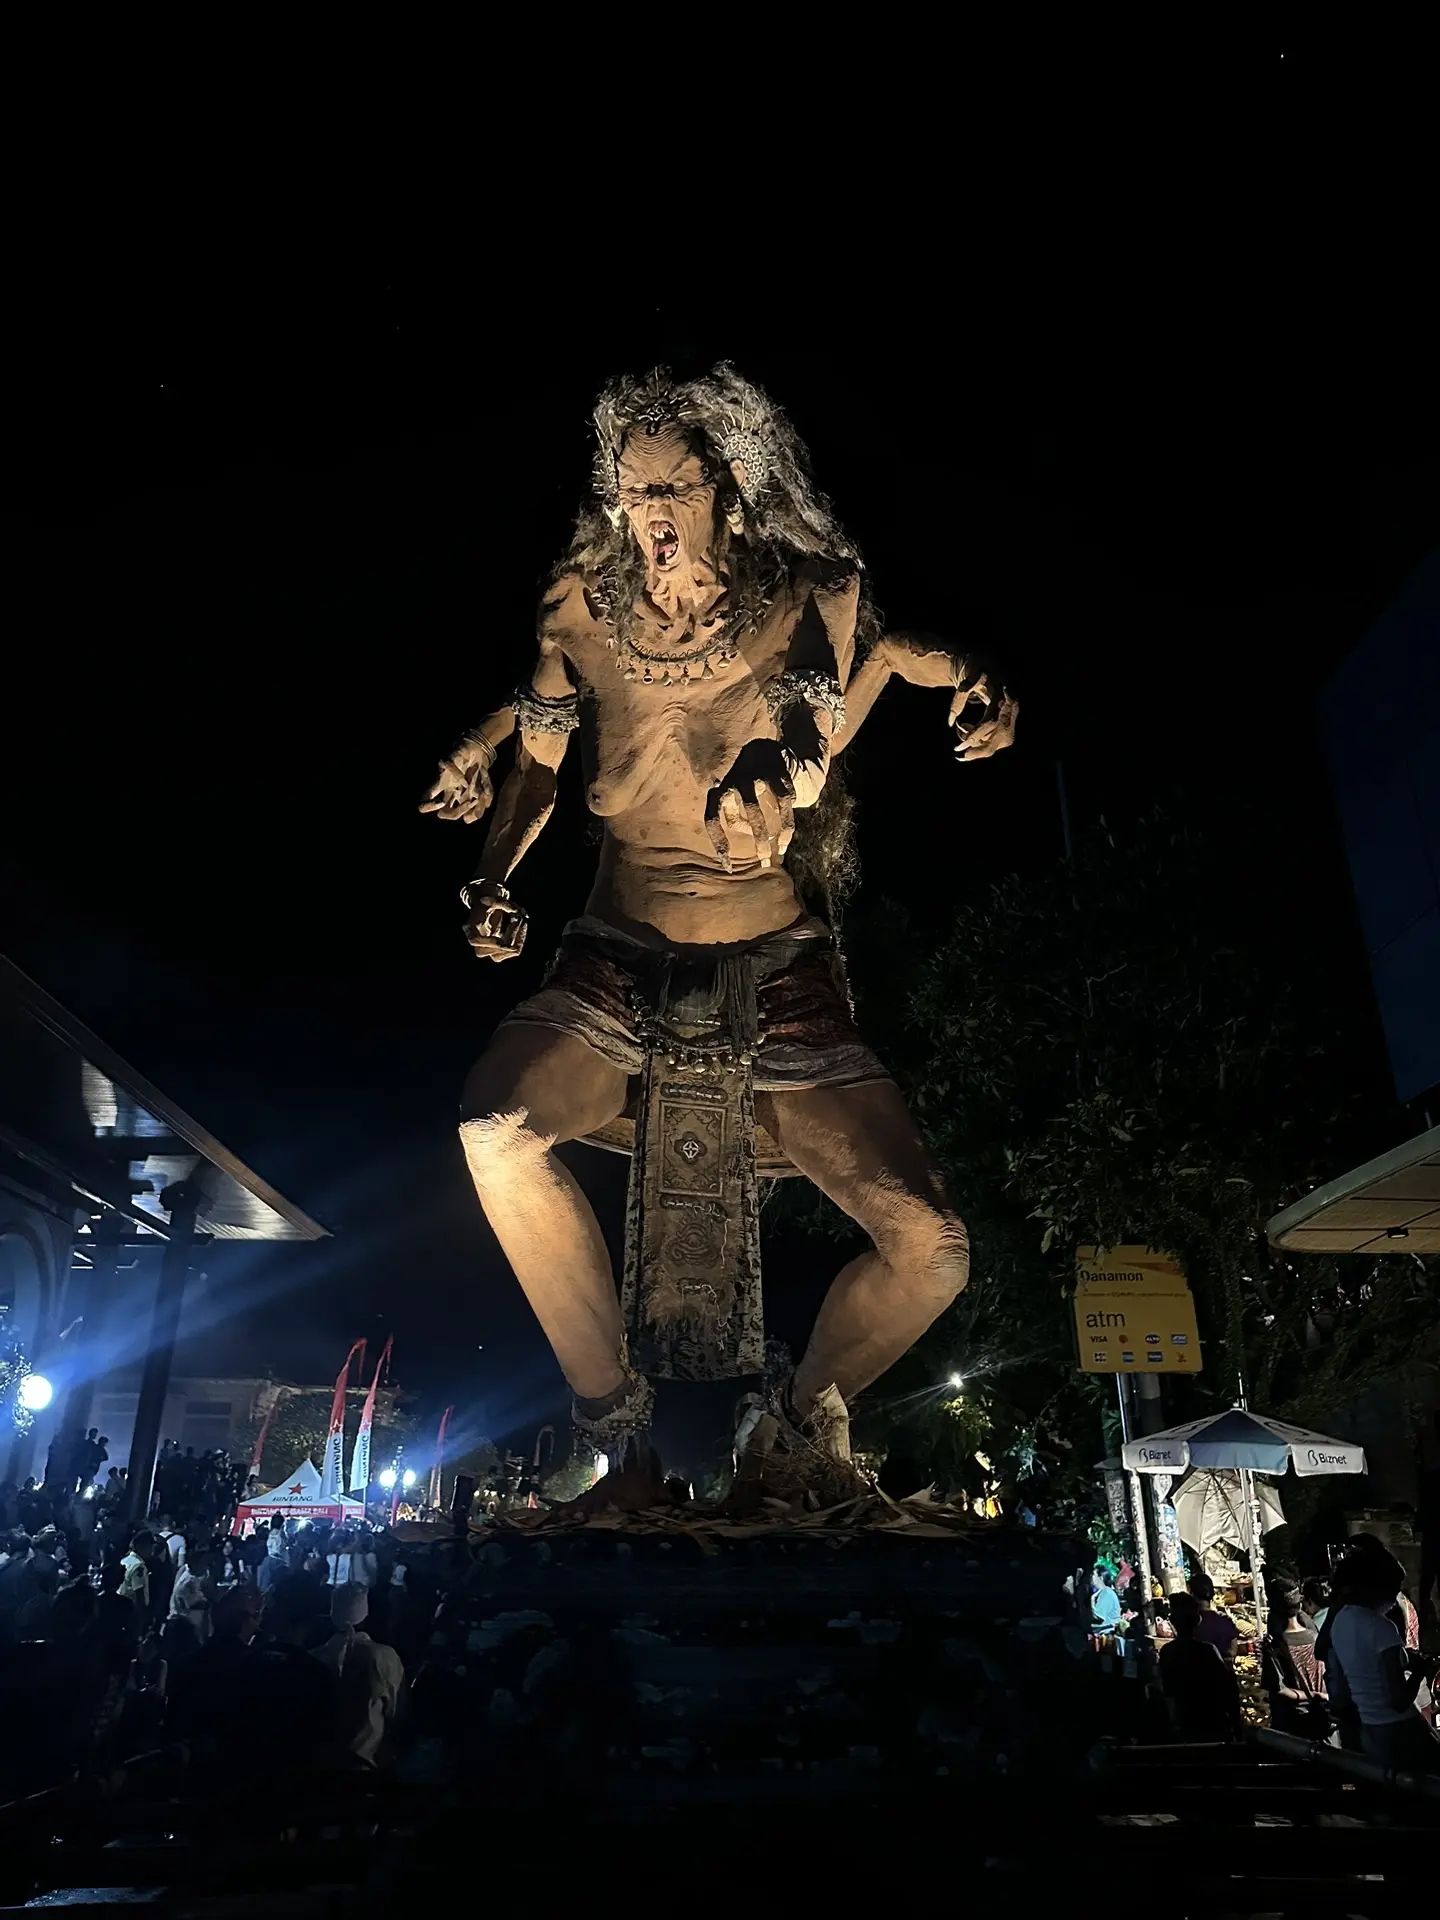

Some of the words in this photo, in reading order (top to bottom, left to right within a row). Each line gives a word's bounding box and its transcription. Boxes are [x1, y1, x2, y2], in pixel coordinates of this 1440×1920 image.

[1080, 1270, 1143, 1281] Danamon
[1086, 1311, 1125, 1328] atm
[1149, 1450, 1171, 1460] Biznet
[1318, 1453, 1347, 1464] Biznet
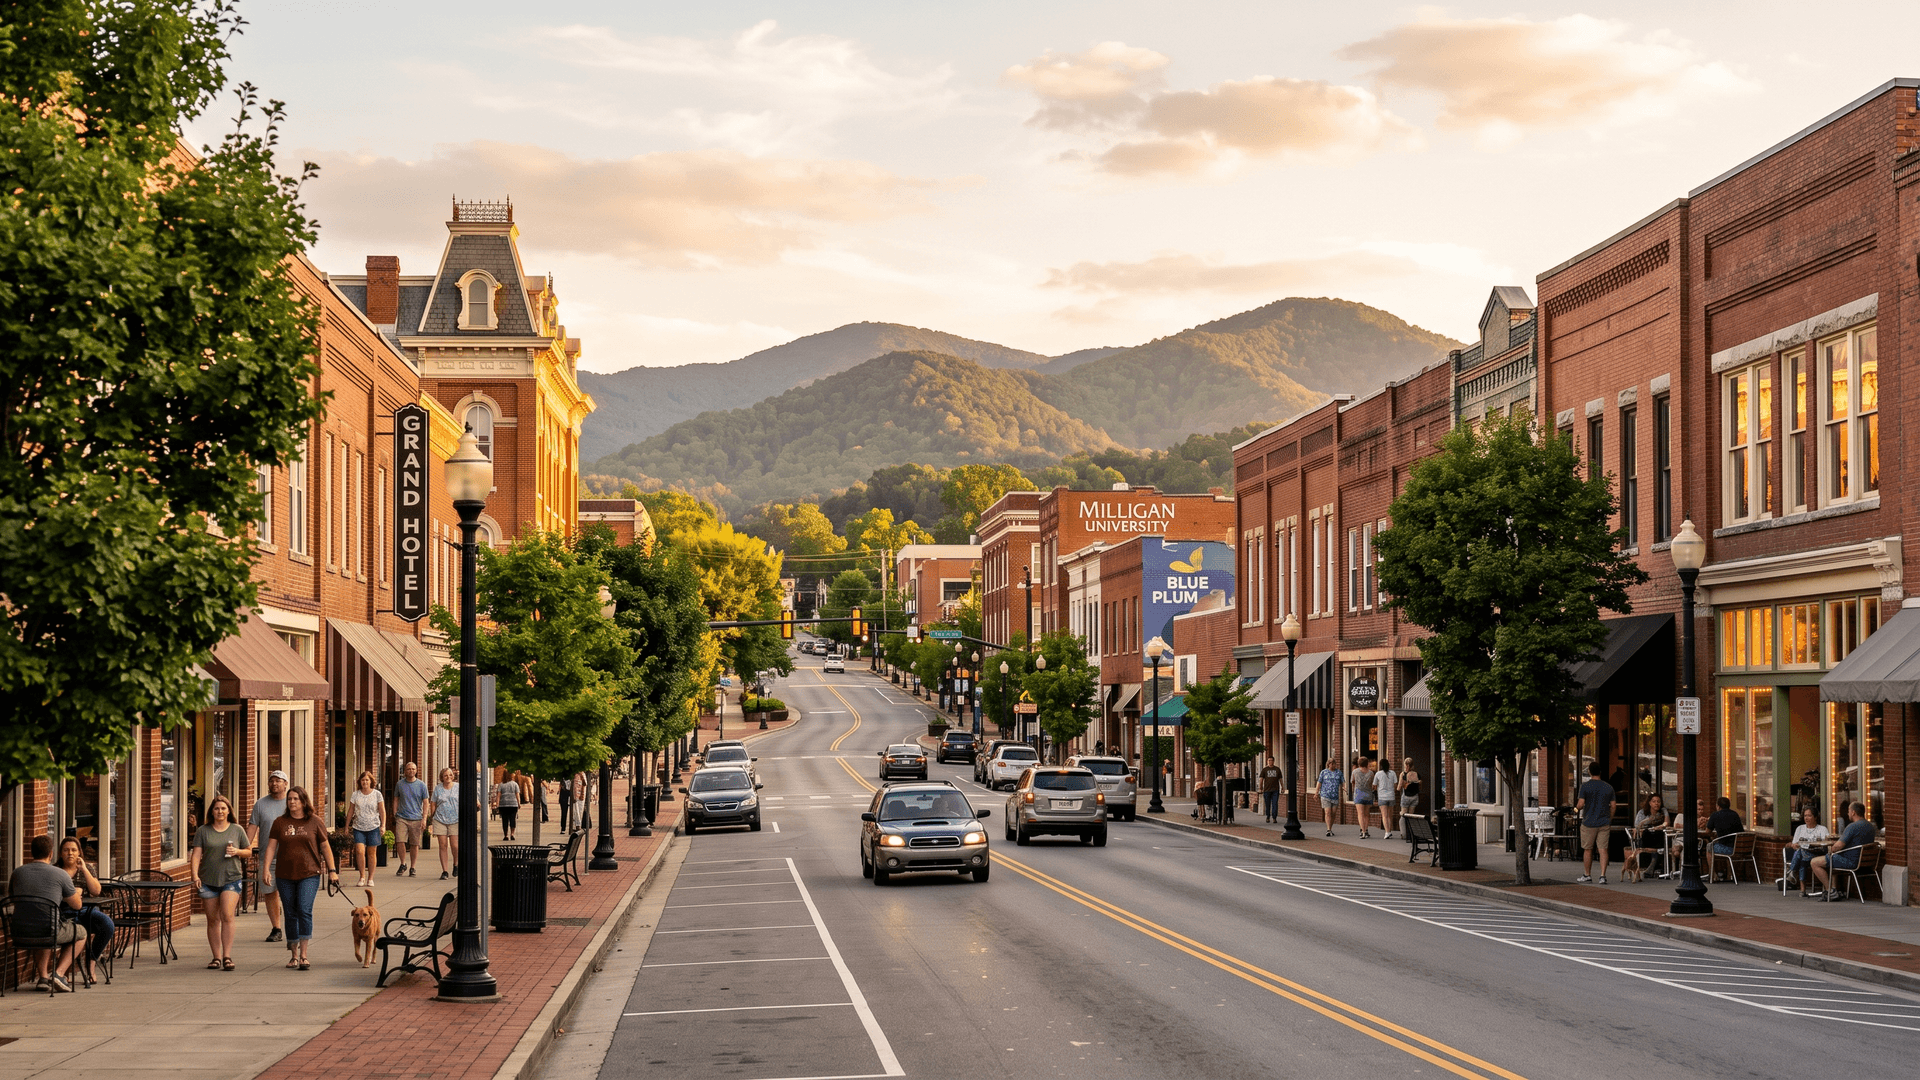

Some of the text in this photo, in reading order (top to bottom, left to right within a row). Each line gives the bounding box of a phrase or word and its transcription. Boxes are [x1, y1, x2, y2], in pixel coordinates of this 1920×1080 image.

--------------------------------

The listing above is to be set down word for word, without its images.

_Output below_
Some of the words in this photo, in reading order (top to bottom, left to right within a row). Each line gives a word's bounding box and its transcription. Boxes are [x1, y1, x2, y2], in pixel coordinates of this 1440×1920 image.

[1080, 1270, 1143, 1281] Danamon
[1086, 1311, 1125, 1328] atm
[1149, 1450, 1171, 1460] Biznet
[1318, 1453, 1347, 1464] Biznet

Some of the text in this photo, in reading order (top to bottom, left to right within a row). Each line gives the bounding box of a phrase or word and its transcription. Boxes are [x1, y1, x2, y2], in pixel coordinates of this 1920×1080 image.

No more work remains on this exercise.